Without copying any picture, transcribe exactly the lines of the data below from the one containing "this 1600×720 image." through the one containing "Some of the text".

------------------------------------------------

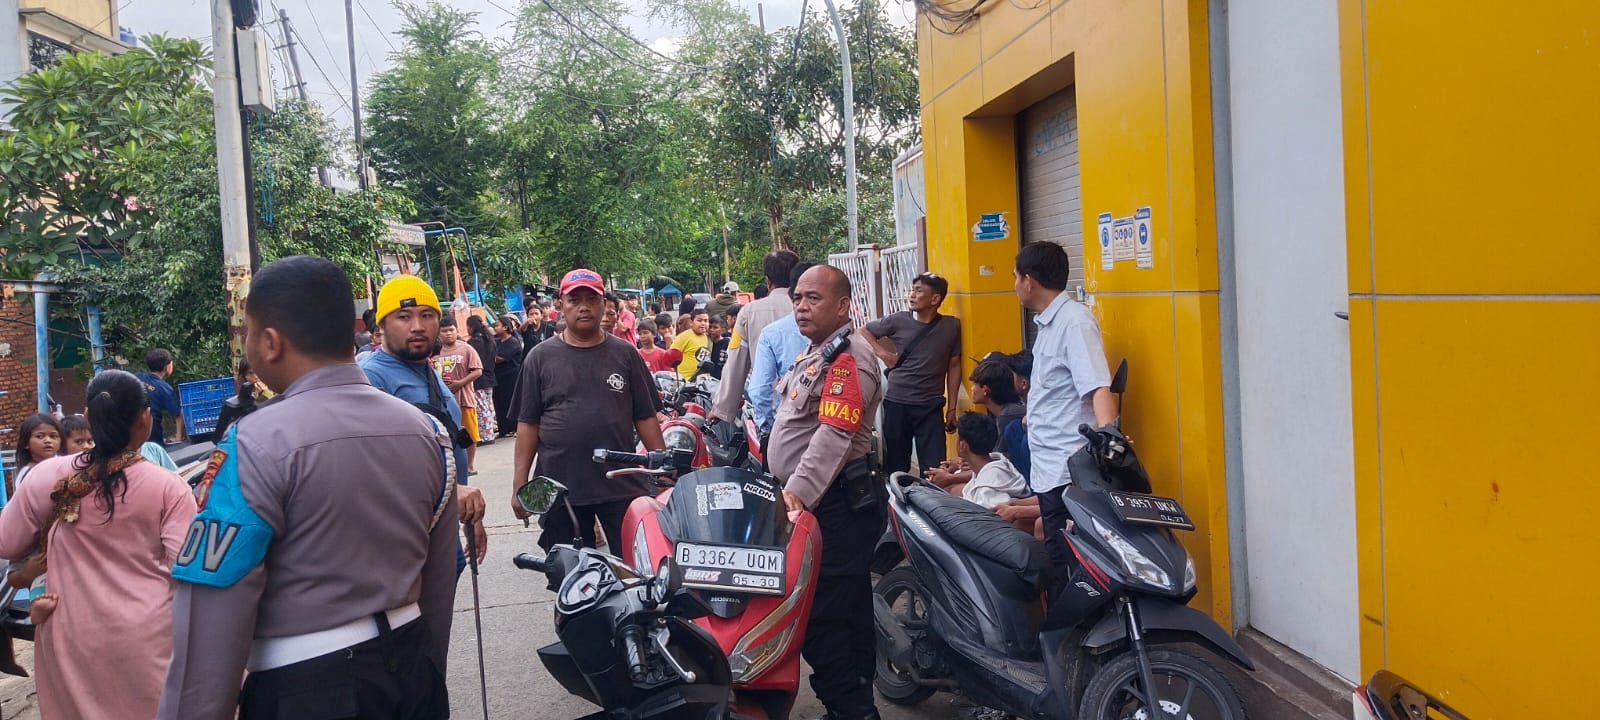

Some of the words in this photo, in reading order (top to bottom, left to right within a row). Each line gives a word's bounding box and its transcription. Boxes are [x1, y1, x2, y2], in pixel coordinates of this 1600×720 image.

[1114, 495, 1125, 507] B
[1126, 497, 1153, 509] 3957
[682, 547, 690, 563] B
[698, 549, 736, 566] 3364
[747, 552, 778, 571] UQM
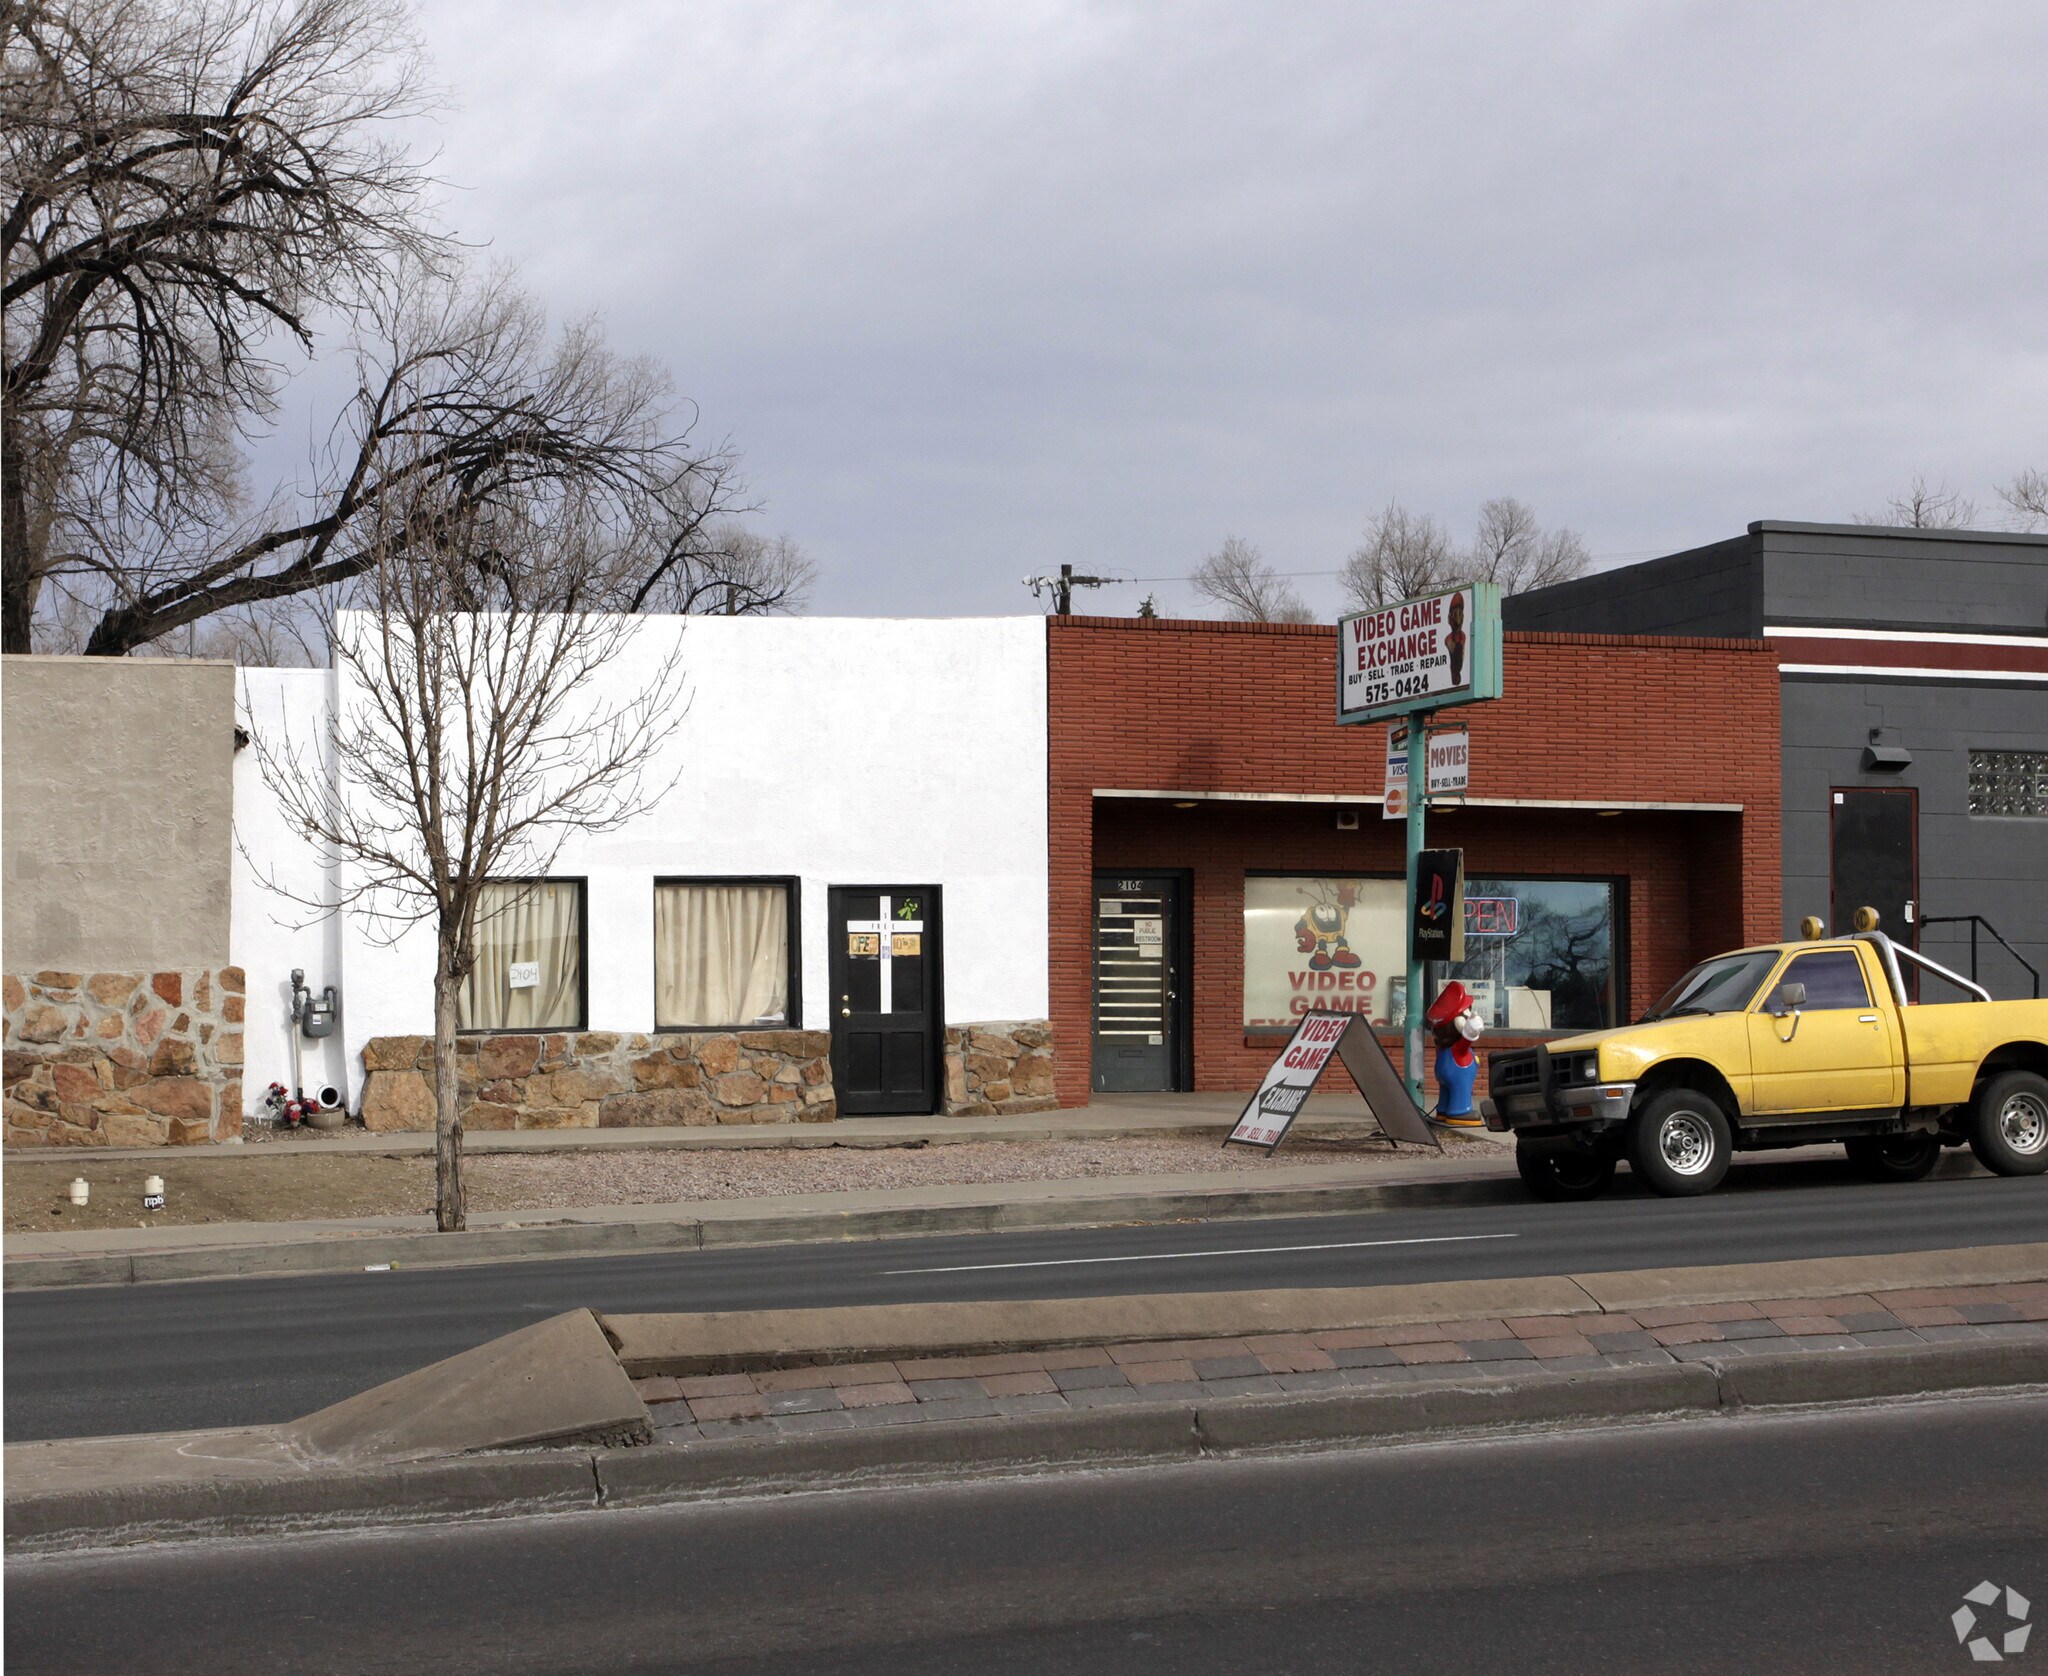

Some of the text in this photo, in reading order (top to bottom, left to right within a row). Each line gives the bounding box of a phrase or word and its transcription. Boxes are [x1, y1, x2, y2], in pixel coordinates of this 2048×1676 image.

------------------------------------------------

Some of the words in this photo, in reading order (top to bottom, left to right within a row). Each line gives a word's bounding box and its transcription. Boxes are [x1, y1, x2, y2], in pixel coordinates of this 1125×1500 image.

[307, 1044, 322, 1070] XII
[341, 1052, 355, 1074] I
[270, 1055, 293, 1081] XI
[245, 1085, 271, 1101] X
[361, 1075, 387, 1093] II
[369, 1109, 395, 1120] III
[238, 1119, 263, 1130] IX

------------------------------------------------

● Your solution
Some of the words in this photo, in reading order (top to bottom, left to right within a row). Each line gives a word's bounding box and its transcription. Boxes are [x1, y1, x2, y2], in pixel coordinates of this 1600×720 image.

[1114, 495, 1125, 507] B
[1126, 497, 1153, 509] 3957
[682, 547, 690, 563] B
[698, 549, 736, 566] 3364
[747, 552, 778, 571] UQM

Some of the text in this photo, in reading order (top to bottom, left to right within a row). Each line gives the bounding box of a phrase or word and its transcription. Boxes are [x1, y1, x2, y2], in pixel coordinates of this 2048×1676 image.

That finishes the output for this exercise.